== Segment start ==

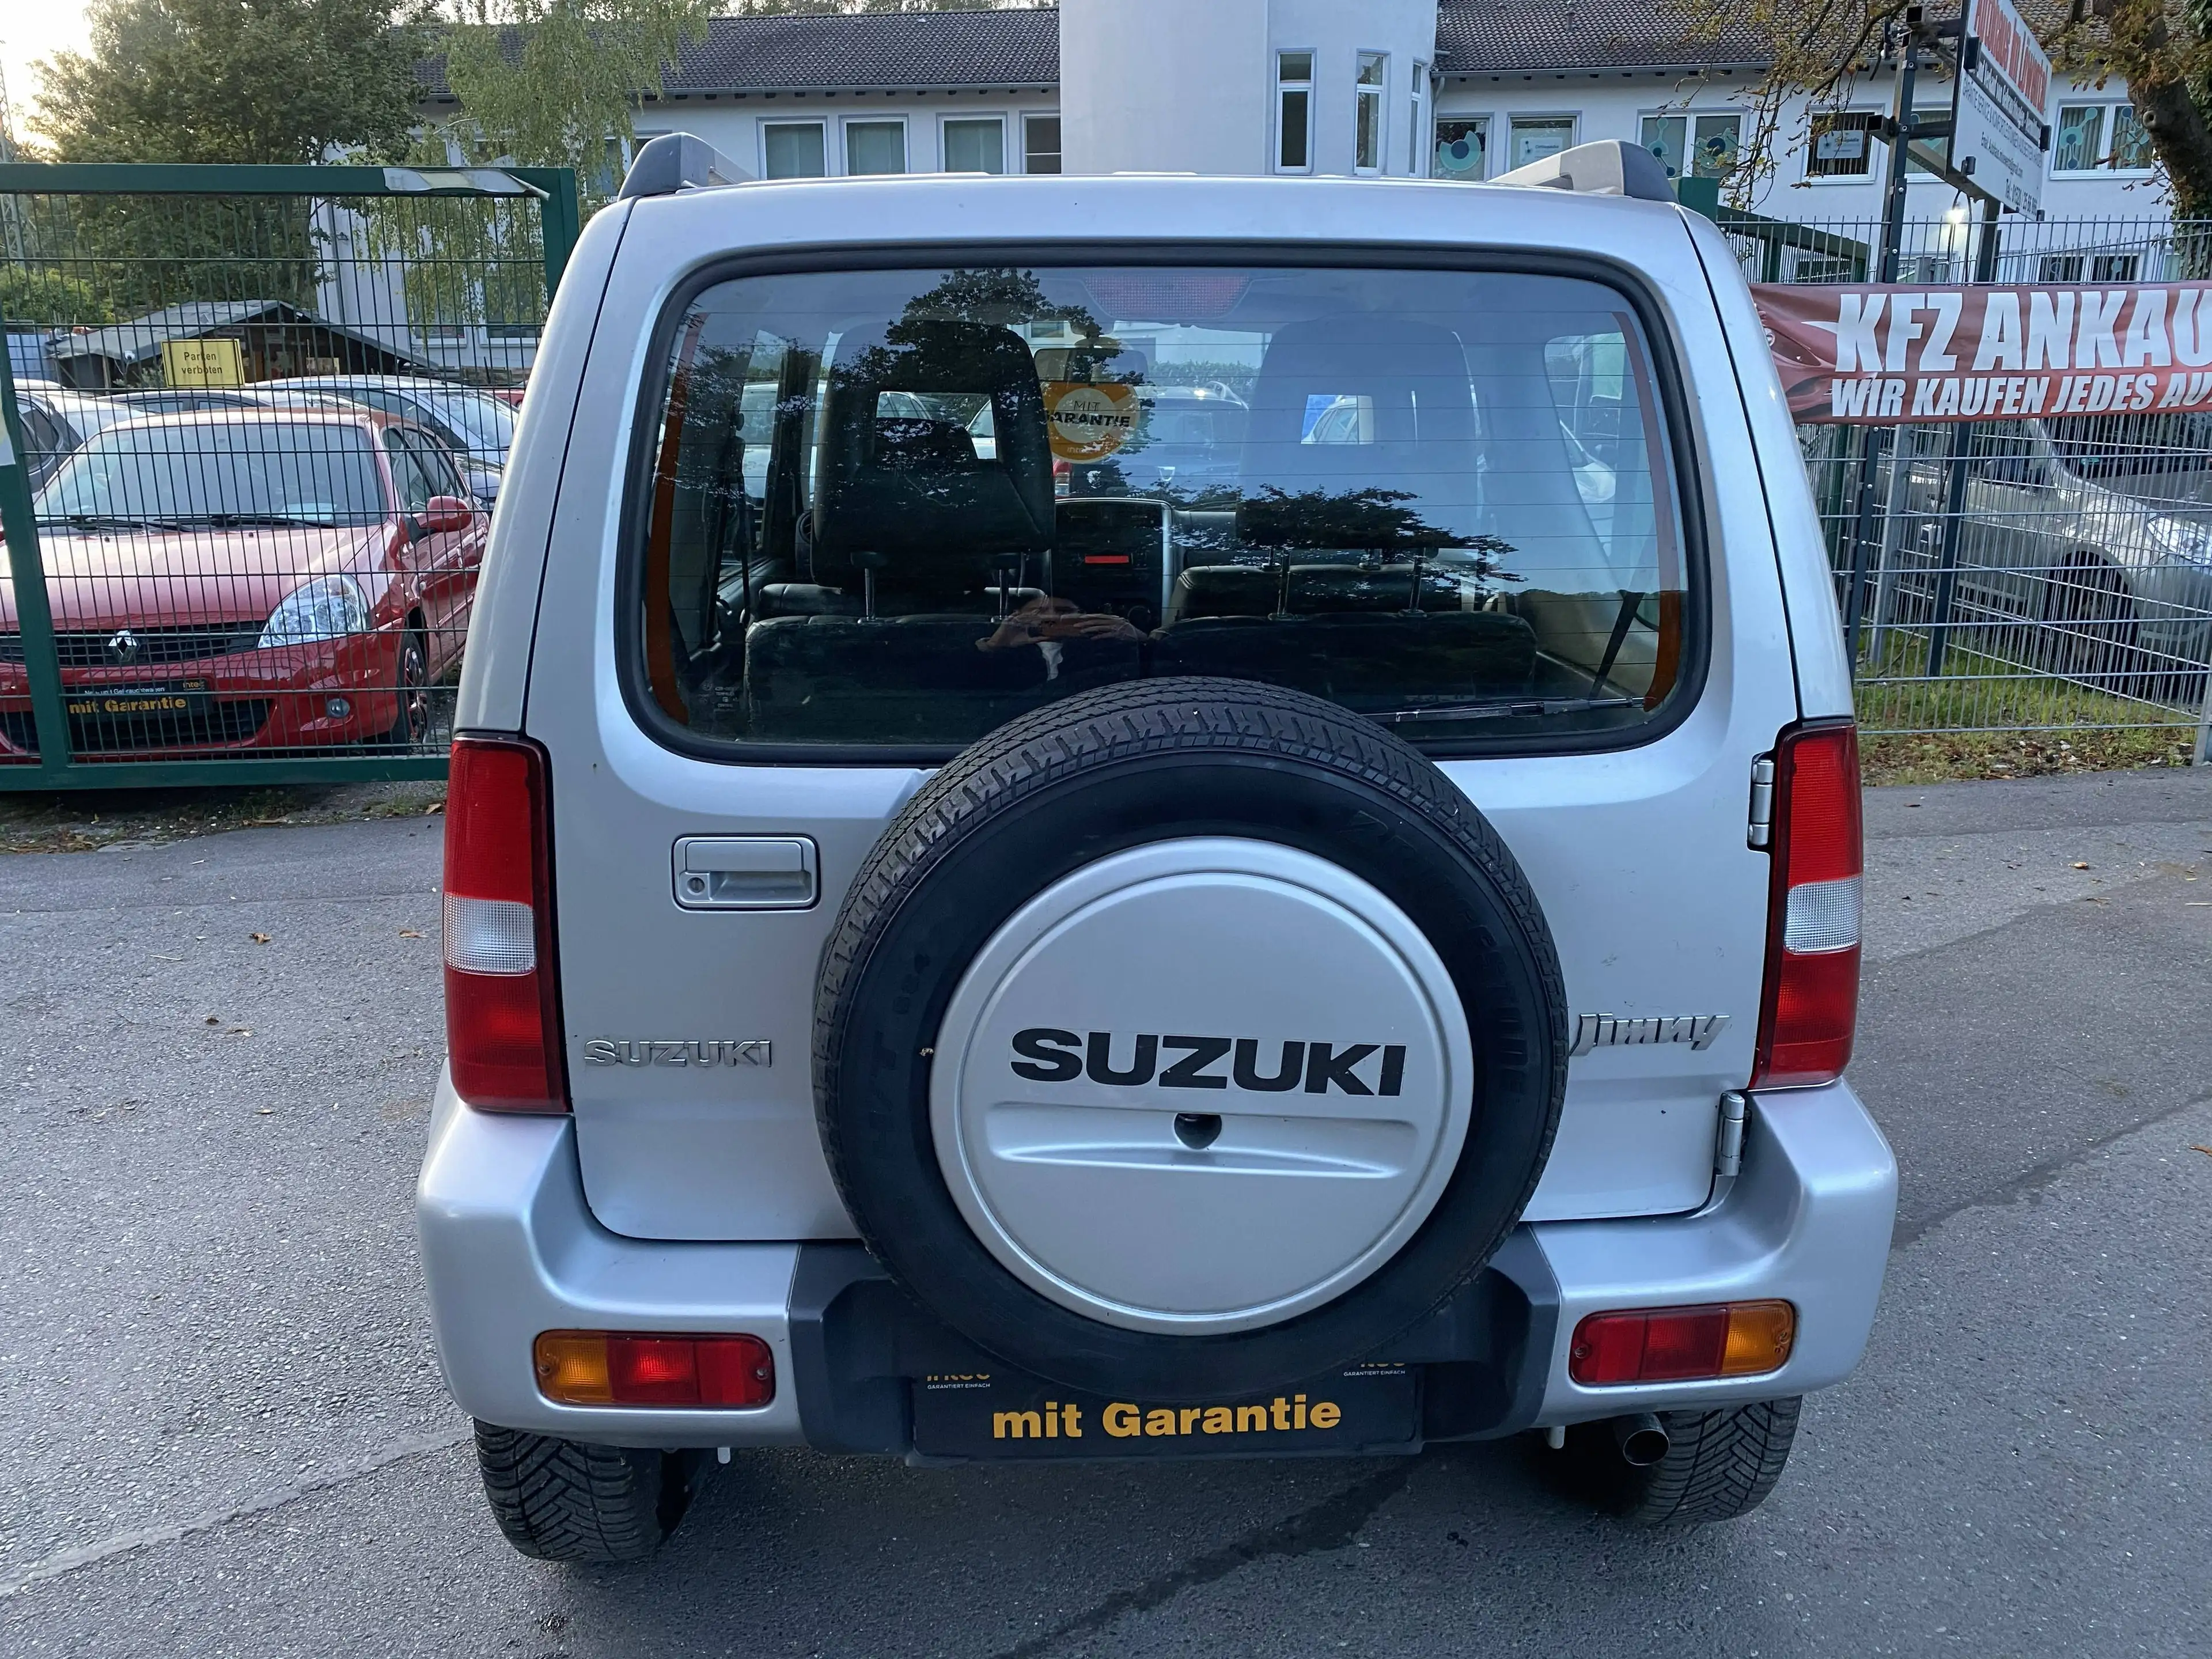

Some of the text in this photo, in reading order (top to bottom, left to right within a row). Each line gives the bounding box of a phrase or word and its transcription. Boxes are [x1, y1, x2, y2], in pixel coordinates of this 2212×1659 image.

[1835, 289, 2212, 372] KFZ ANKAU
[184, 352, 216, 361] Paren
[1832, 372, 2212, 416] WIR KAUFEN JEDES AU
[1048, 411, 1130, 427] ARANTIE
[69, 696, 187, 714] mit Garantie
[584, 1039, 771, 1067] SUZUKI
[1567, 1013, 1730, 1056] Jimny
[1010, 1028, 1407, 1096] SUZUKI
[993, 1394, 1341, 1439] mit Garantie

== Segment end ==

> [Exercise aim]:
Except for the pictures, please retype the listing above exactly.

> [Written reply]:
Some of the text in this photo, in reading order (top to bottom, left to right within a row). Each line gives the bounding box of a phrase or word and its transcription. Boxes are [x1, y1, x2, y2], in pixel coordinates of this 2212×1659 image.

[1835, 289, 2212, 372] KFZ ANKAU
[184, 352, 216, 361] Paren
[1832, 372, 2212, 416] WIR KAUFEN JEDES AU
[1048, 411, 1130, 427] ARANTIE
[69, 696, 187, 714] mit Garantie
[584, 1039, 771, 1067] SUZUKI
[1567, 1013, 1730, 1056] Jimny
[1010, 1028, 1407, 1096] SUZUKI
[993, 1394, 1341, 1439] mit Garantie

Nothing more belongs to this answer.